Collected data:
========

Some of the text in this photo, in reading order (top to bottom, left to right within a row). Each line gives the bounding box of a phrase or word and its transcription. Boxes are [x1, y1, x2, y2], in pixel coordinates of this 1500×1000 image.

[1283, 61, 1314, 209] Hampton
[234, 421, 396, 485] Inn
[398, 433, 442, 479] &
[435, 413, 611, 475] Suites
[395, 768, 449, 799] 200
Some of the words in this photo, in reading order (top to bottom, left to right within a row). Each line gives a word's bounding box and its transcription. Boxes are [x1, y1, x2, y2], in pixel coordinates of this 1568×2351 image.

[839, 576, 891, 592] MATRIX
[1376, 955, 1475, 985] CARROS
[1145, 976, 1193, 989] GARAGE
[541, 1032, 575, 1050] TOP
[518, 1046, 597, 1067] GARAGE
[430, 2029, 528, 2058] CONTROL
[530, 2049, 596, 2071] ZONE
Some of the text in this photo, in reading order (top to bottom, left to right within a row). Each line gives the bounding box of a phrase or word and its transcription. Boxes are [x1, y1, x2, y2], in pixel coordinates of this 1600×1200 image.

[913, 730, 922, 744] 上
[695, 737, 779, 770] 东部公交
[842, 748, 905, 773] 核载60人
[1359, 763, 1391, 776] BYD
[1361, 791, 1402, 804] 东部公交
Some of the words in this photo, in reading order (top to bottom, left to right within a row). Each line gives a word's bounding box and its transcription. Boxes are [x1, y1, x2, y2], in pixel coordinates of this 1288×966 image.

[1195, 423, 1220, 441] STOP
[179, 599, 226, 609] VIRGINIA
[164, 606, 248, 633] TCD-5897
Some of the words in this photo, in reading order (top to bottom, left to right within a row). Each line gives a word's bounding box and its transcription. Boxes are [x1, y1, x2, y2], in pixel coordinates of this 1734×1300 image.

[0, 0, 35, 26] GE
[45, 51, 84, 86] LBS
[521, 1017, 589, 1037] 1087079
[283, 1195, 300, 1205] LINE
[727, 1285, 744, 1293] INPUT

========

* Your instructions: From the line that contains "this 1288×966 image." through the end of the records above, print every line exactly and nothing else.

* The answer:
Some of the words in this photo, in reading order (top to bottom, left to right within a row). Each line gives a word's bounding box and its transcription. Boxes are [x1, y1, x2, y2], in pixel coordinates of this 1288×966 image.

[1195, 423, 1220, 441] STOP
[179, 599, 226, 609] VIRGINIA
[164, 606, 248, 633] TCD-5897
Some of the words in this photo, in reading order (top to bottom, left to right within a row). Each line gives a word's bounding box and its transcription. Boxes are [x1, y1, x2, y2], in pixel coordinates of this 1734×1300 image.

[0, 0, 35, 26] GE
[45, 51, 84, 86] LBS
[521, 1017, 589, 1037] 1087079
[283, 1195, 300, 1205] LINE
[727, 1285, 744, 1293] INPUT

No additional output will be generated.